Alpert L,Pai RK,Srivastava A,McKinnon W,Wilcox R,Yantiss RK,Arcega R,Wang HL,Robert ME,Liu X,Pai RK,Zhao L,Westerhoff M,Hampel H,Kupfer S,Setia N,Xiao SY,Hart J,Frankel WL

Abstract

- Isolated loss of PMS2 staining is an uncommon immunophenotype in colorectal carcinomas, accounting for approximately 4% of tumors with microsatellite instability. Limited information regarding these tumors is available in the literature.
- To compare the clinicopathologic features of colorectal carcinomas with isolated PMS2 loss by immunohistochemistry to those with other forms of mismatch repair deficiency.

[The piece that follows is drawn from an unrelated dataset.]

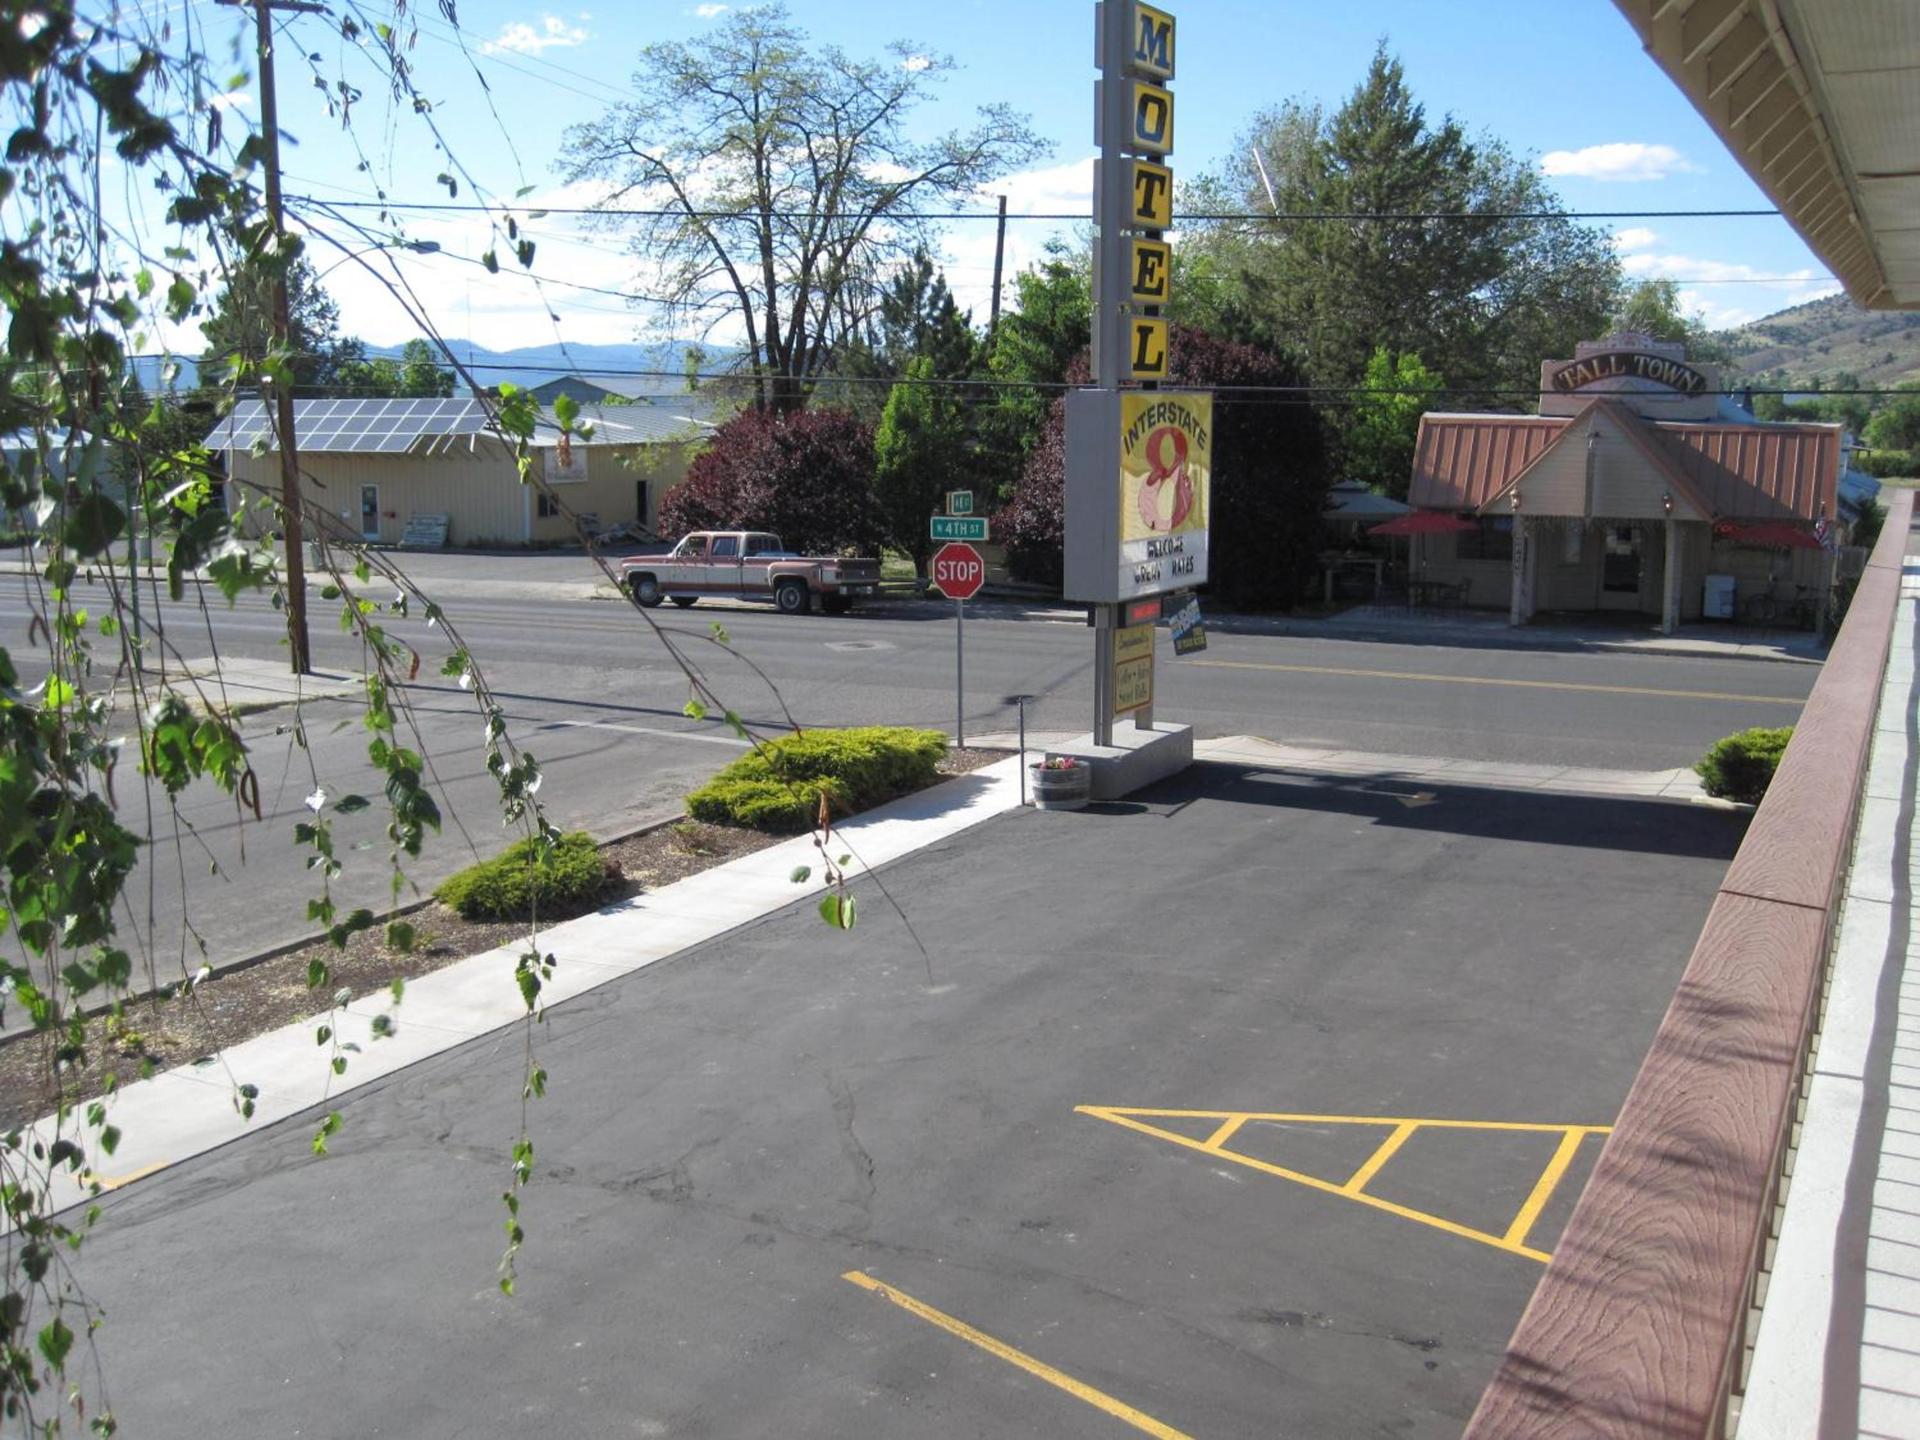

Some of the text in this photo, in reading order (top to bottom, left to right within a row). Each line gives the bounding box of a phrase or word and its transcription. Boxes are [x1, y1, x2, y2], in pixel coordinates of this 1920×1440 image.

- Ninety-three colorectal carcinomas with isolated PMS2 loss by immunohistochemistry and 193 with other forms of mismatch repair deficiency were identified. Forty (43%) of the isolated PMS2 loss cases and 35 control cases (18%) had a known germline mutation or a clinical diagnosis of Lynch syndrome.
- Overall, isolated PMS2-loss tumors occurred in significantly younger patients ( P < .001) and in fewer female patients ( P = .006). These tumors were significantly less likely to be right-sided ( P = .001), high-grade ( P = .01), or display histologic features of microsatellite instability ( P < .001). The isolated PMS2-loss group also exhibited increased odds of disease-specific death (odds ratio [OR], 3.09; 95% CI, 1.41-6.85; P = .007). When the analysis was restricted to germline mutation/Lynch syndrome cases and controls, no significant differences were detected for age, sex, tumor location, tumor grade, histologic features, or distant metastases, although a trend toward increased odds of disease-specific death in the isolated PMS2-loss group was evident (OR, 3.87; 95% CI, 0.89-27.04; P = .10).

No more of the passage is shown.